[The data — start]

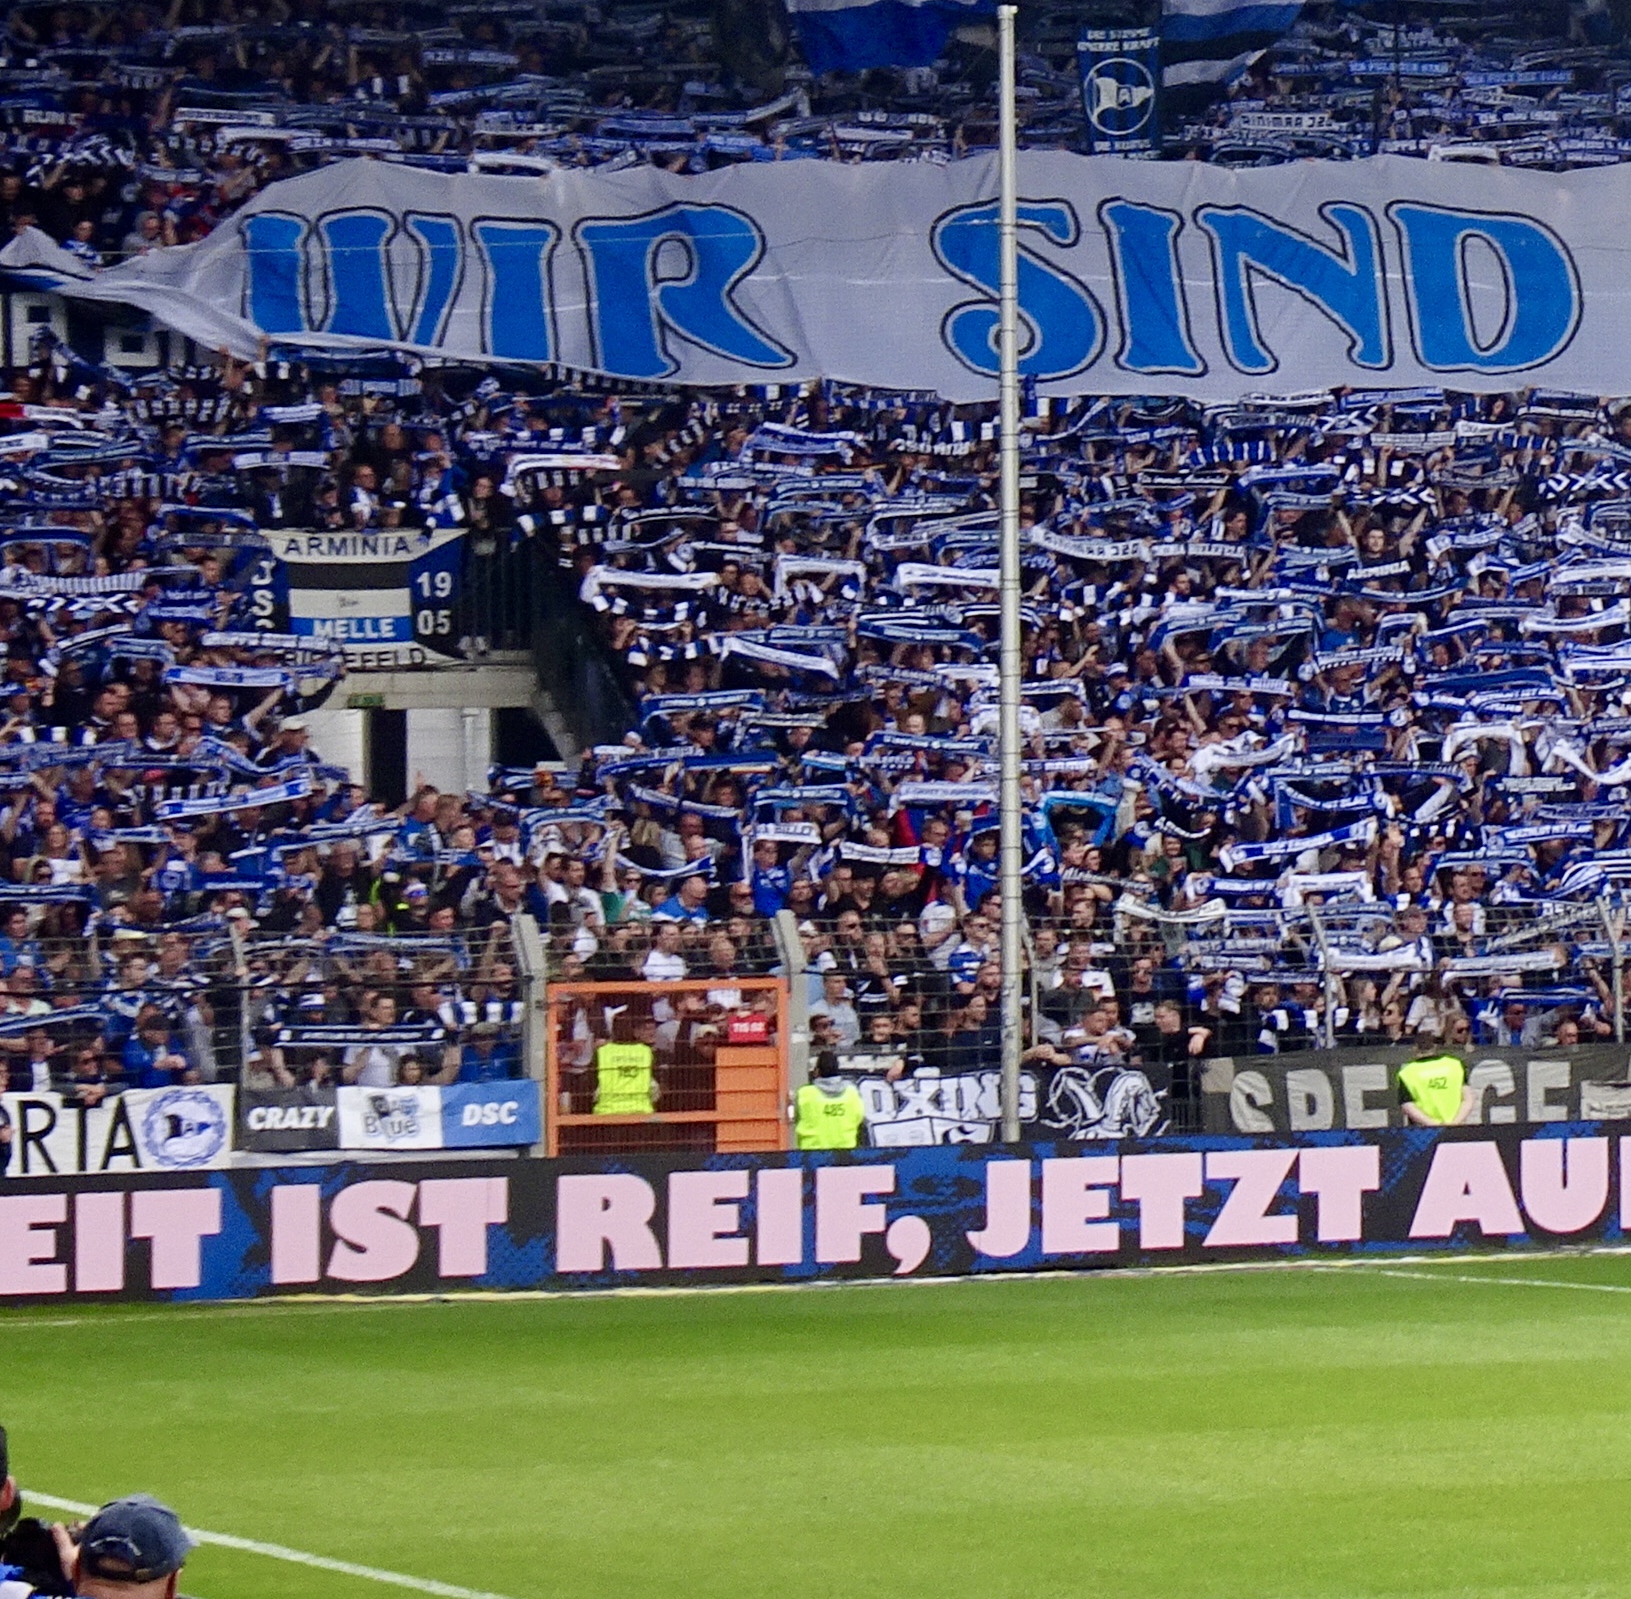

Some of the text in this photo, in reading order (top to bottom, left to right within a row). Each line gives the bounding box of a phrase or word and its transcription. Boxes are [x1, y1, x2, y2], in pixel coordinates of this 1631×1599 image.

[238, 202, 798, 382] WIR
[929, 196, 1584, 382] SIND
[284, 535, 413, 557] ARMINIA
[416, 571, 453, 599] 19
[312, 617, 397, 640] MELLE
[416, 608, 453, 636] 05
[247, 1104, 336, 1132] CRAZY
[462, 1100, 520, 1127] DSC
[0, 1187, 222, 1296] EIT
[271, 1176, 508, 1285] IST
[556, 1164, 933, 1275] REIF,
[967, 1145, 1381, 1259] JETZT
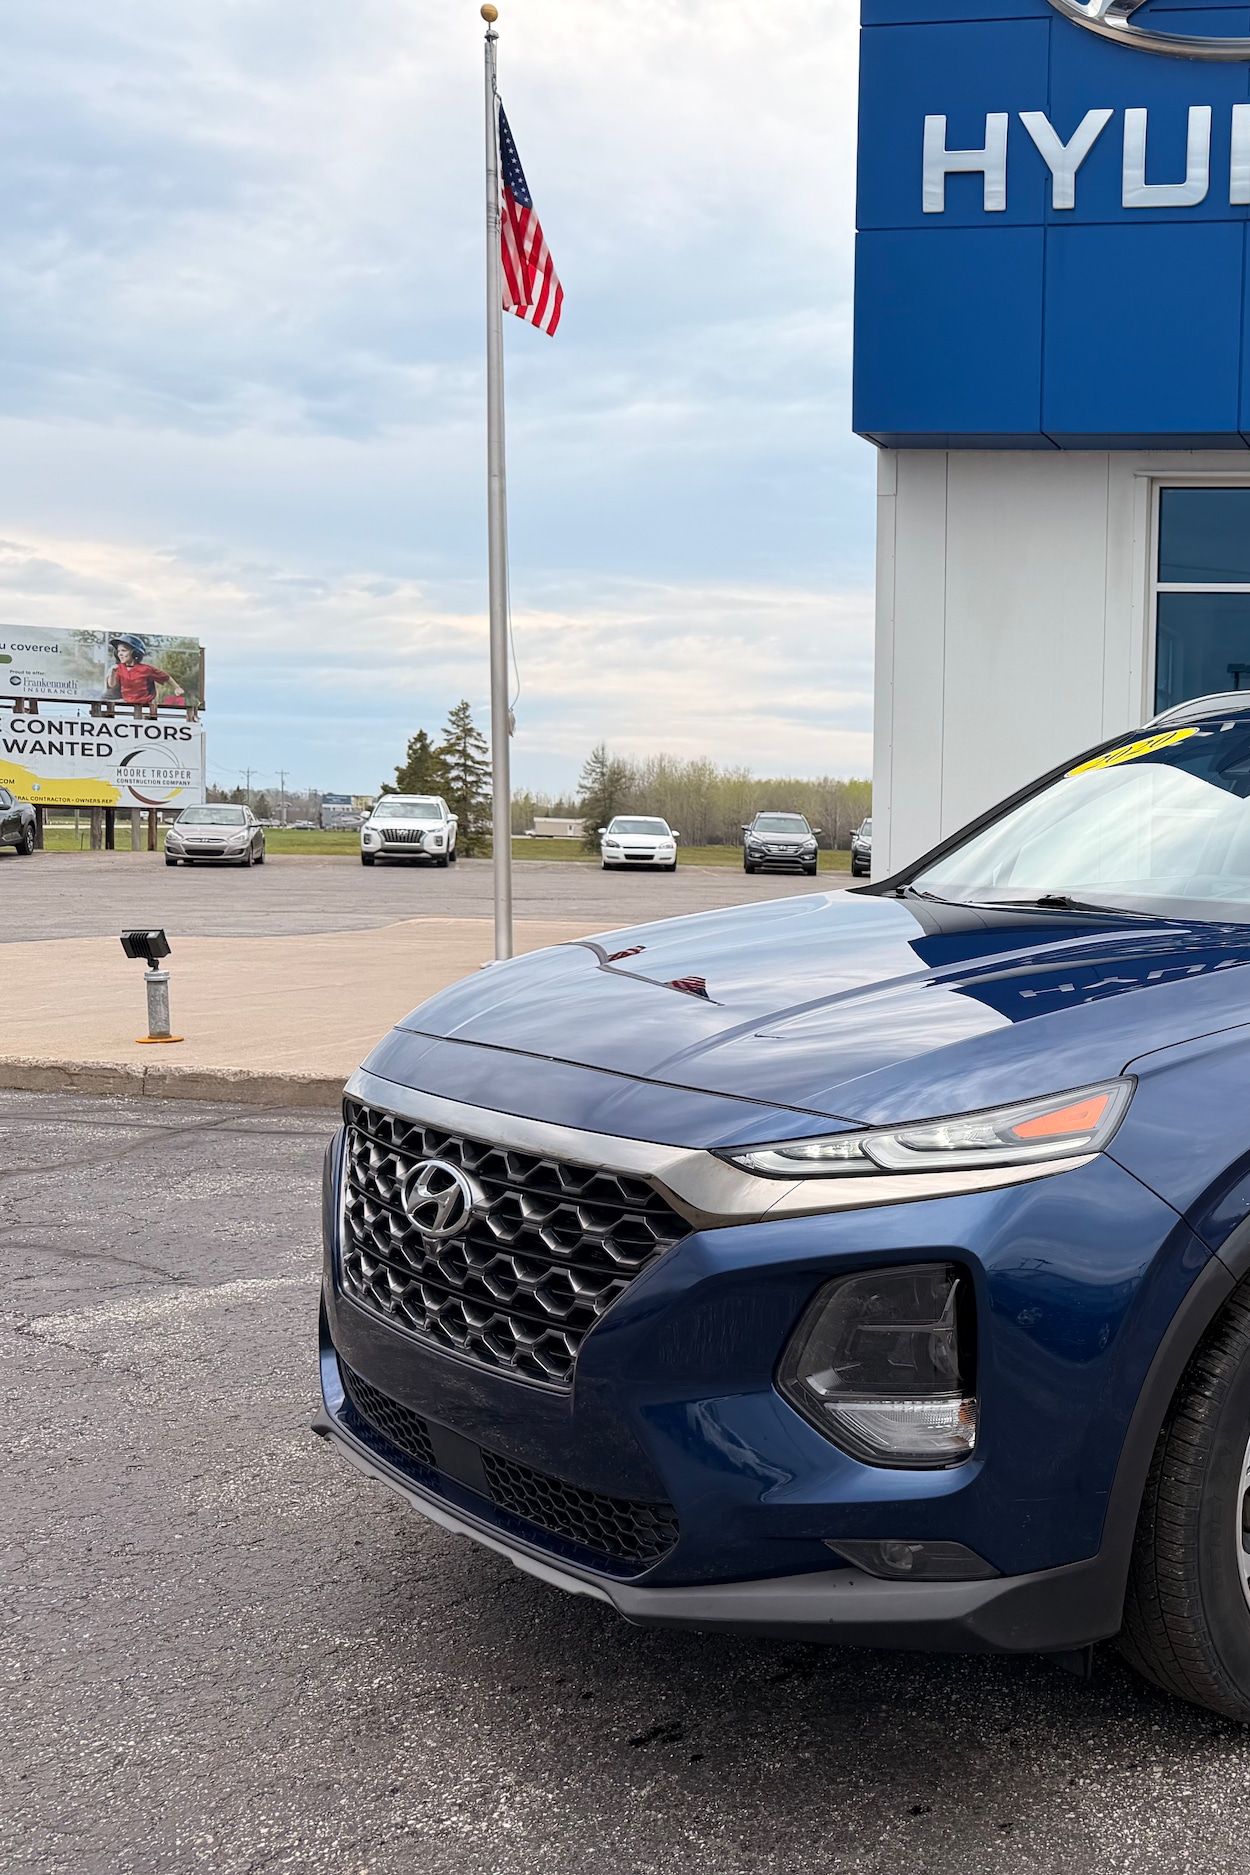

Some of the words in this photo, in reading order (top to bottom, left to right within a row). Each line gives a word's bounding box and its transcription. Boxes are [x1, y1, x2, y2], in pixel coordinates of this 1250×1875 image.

[10, 643, 62, 654] covered.
[23, 677, 78, 690] Frankenmuth
[23, 687, 77, 695] INSURANCE
[10, 718, 193, 741] CONTRACTORS
[2, 738, 113, 758] WANTED
[116, 768, 147, 778] MOORE
[151, 769, 191, 780] TROSPER

[The data — finish]

*Exercise aim:*
Pictures are to be left out; set down everything else in the records exactly.

*Output of the exercise:*
Some of the text in this photo, in reading order (top to bottom, left to right within a row). Each line gives the bounding box of a phrase or word and its transcription. Boxes are [x1, y1, x2, y2], in pixel coordinates of this 1631×1599 image.

[238, 202, 798, 382] WIR
[929, 196, 1584, 382] SIND
[284, 535, 413, 557] ARMINIA
[416, 571, 453, 599] 19
[312, 617, 397, 640] MELLE
[416, 608, 453, 636] 05
[247, 1104, 336, 1132] CRAZY
[462, 1100, 520, 1127] DSC
[0, 1187, 222, 1296] EIT
[271, 1176, 508, 1285] IST
[556, 1164, 933, 1275] REIF,
[967, 1145, 1381, 1259] JETZT

Some of the words in this photo, in reading order (top to bottom, left to right within a row). Each line gives a word's bounding box and its transcription. Boxes are [x1, y1, x2, y2], in pixel coordinates of this 1250×1875 image.

[10, 643, 62, 654] covered.
[23, 677, 78, 690] Frankenmuth
[23, 687, 77, 695] INSURANCE
[10, 718, 193, 741] CONTRACTORS
[2, 738, 113, 758] WANTED
[116, 768, 147, 778] MOORE
[151, 769, 191, 780] TROSPER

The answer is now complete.